The Multidisciplinary Skin Cancer Clinic at Miami Cancer Institute will focus on early detection and treatment of melanoma, in addition to treating patients with all types of skin cancer, including basal cell carcinoma, squamous cell carcinoma, Merkel Cell tumors and other rare tumors of the skin. The program’s team of experts includes dermatologists, surgical and medical oncologists, radiation oncologists and plastic and reconstructive surgeons.

“Skin cancer is a significant concern in Florida, as well as throughout the Caribbean and Latin America,” said Dr. Leonard Kalman, Miami Cancer Institute executive deputy director and chief medical officer. “By opening the Multidisciplinary Skin Cancer Clinic, we have all of the specialists necessary to provide comprehensive skin cancer care to patients in one convenient location.”
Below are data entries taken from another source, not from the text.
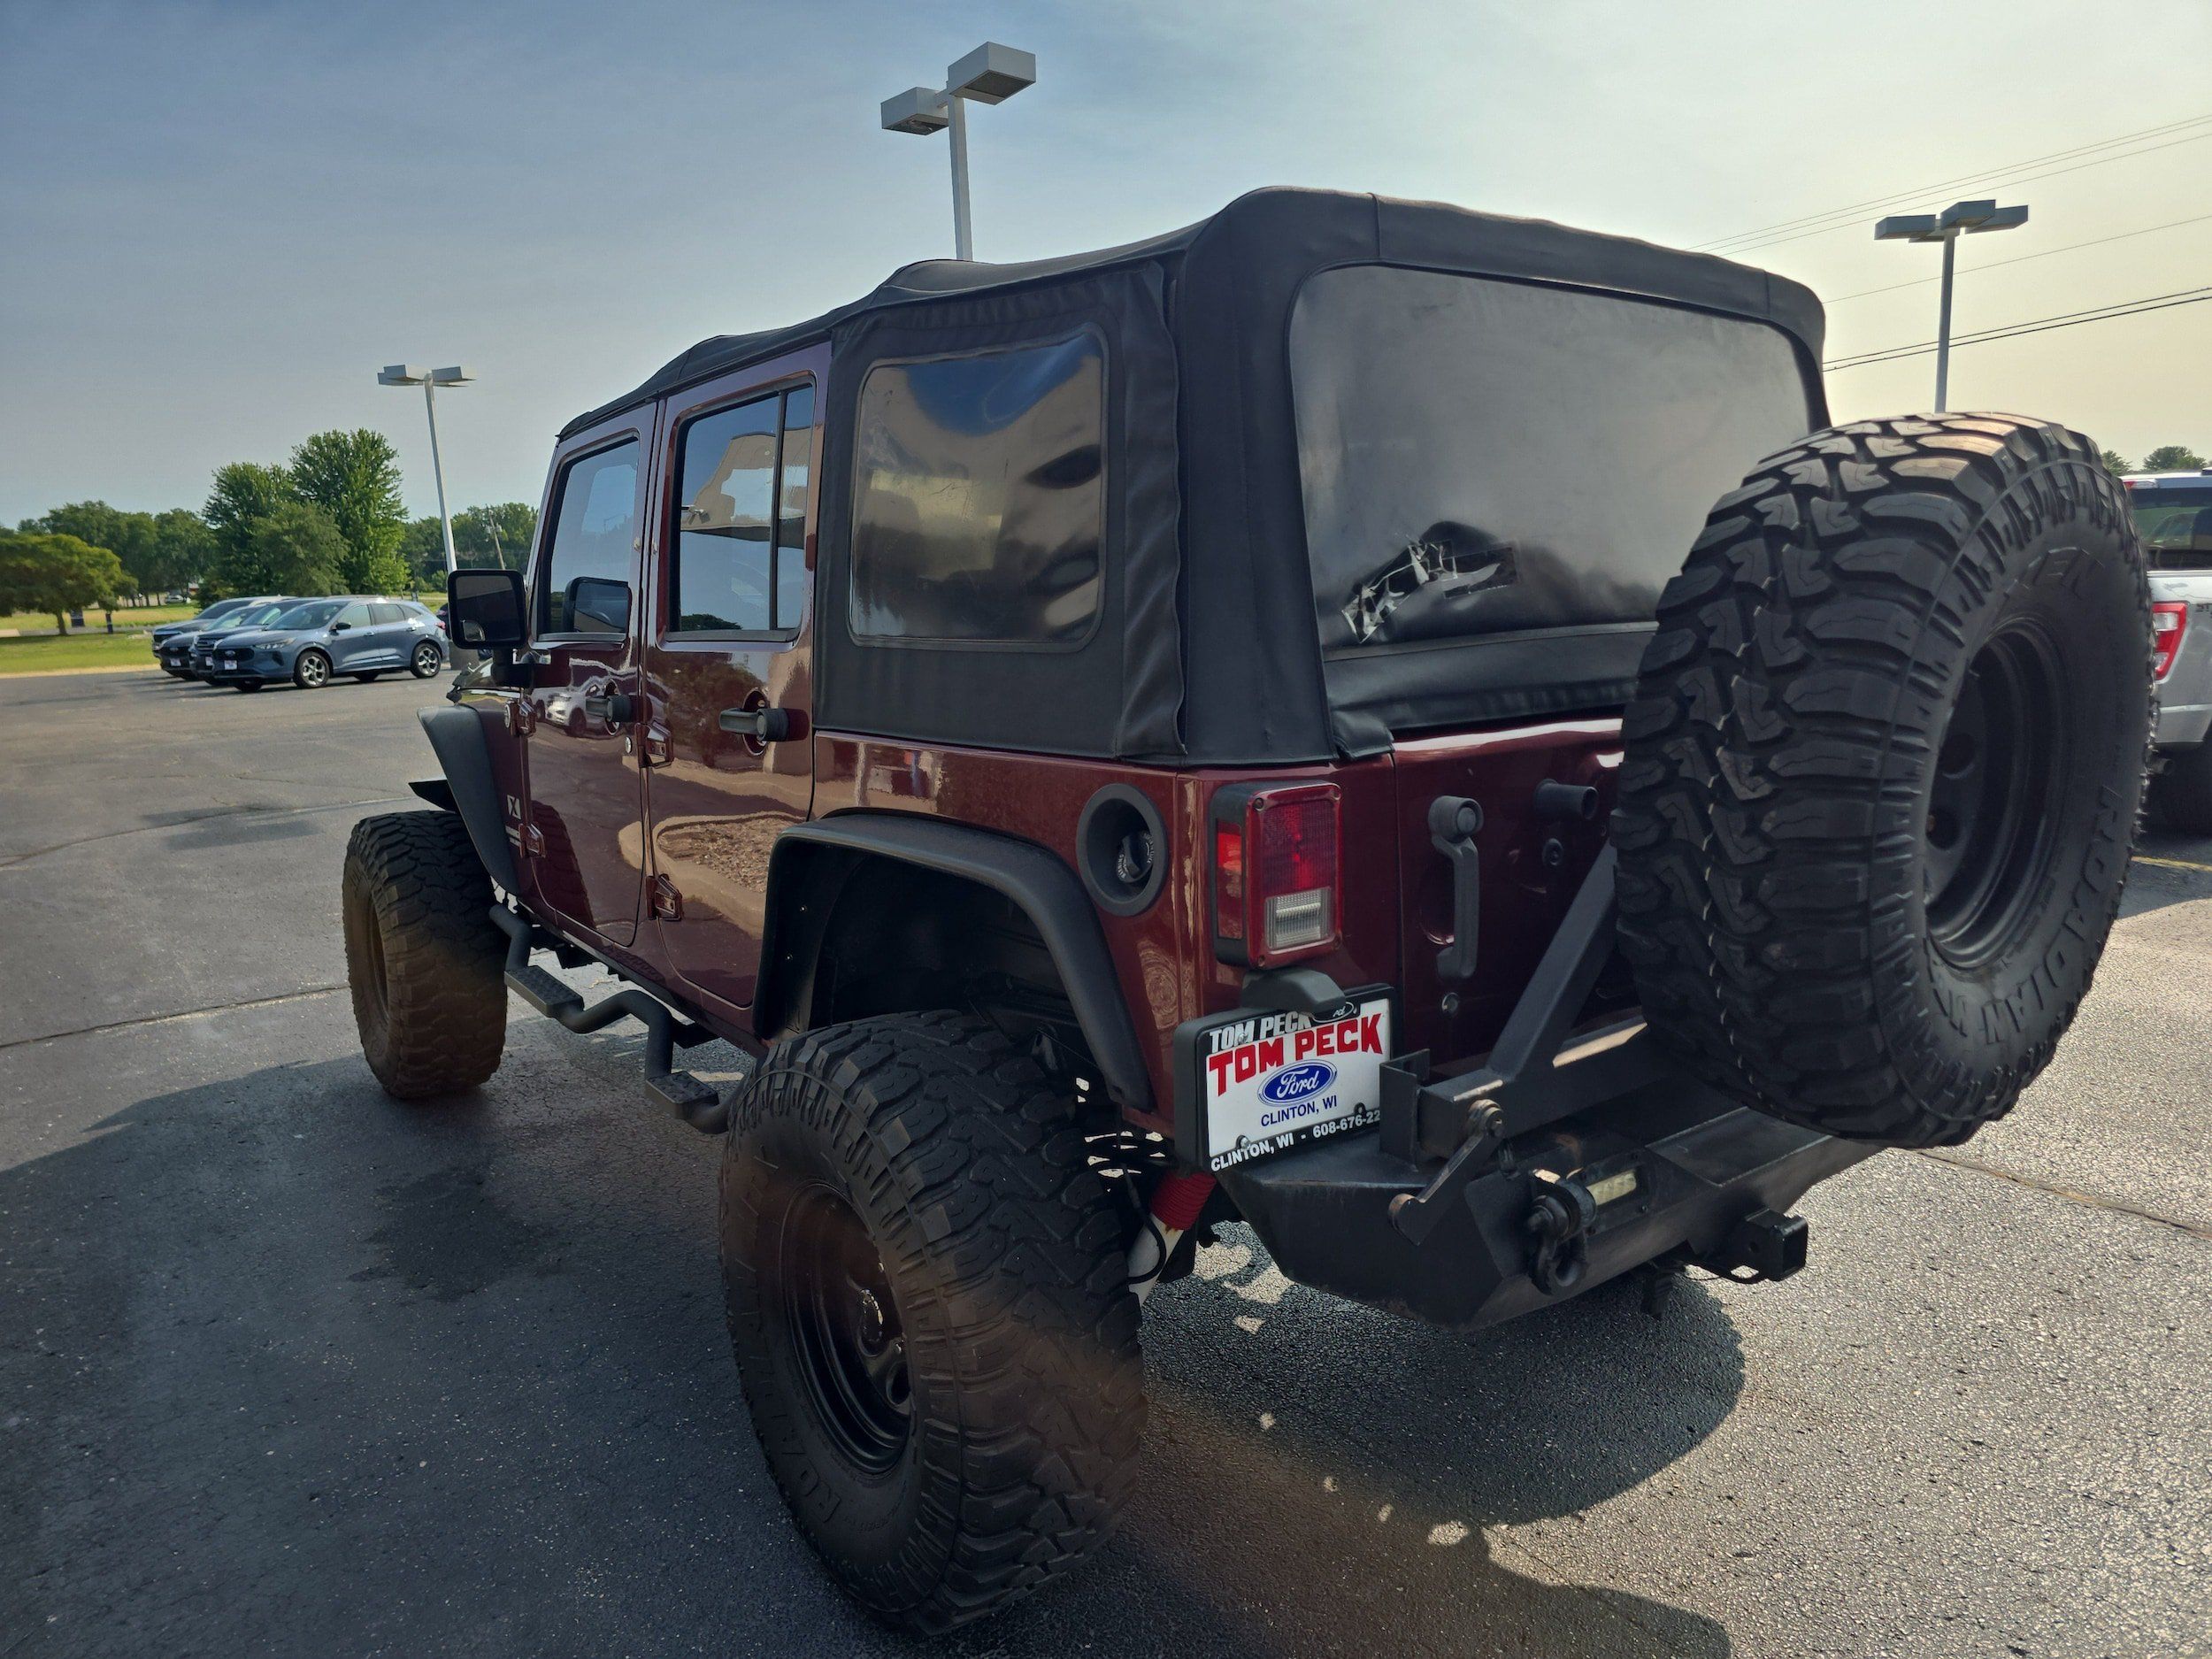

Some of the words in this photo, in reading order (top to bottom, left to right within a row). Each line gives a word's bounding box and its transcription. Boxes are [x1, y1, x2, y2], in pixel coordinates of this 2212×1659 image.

[1209, 1019, 1256, 1054] TOM
[1259, 1010, 1313, 1040] PECK
[1209, 1037, 1285, 1097] TOM
[1295, 1012, 1383, 1061] PECK
[1277, 1068, 1319, 1098] Ford
[1261, 1102, 1319, 1127] CLINTON,
[1323, 1094, 1338, 1110] WI
[1210, 1141, 1275, 1171] CLINTON,
[1276, 1132, 1294, 1148] WI
[1312, 1109, 1381, 1139] 608-676-22
According to the Florida Cancer Data System, nearly one in 10 Floridians have some form of skin cancer. Studies show that one person dies of melanoma every hour, and rates of non-melanoma skin cancer have increased by 77 percent over the past 10 years. On average, it takes 12 months after noticing a suspicious mark before getting it looked at by an expert. The single most critical factor for improving chances of survival for skin cancer is early detection.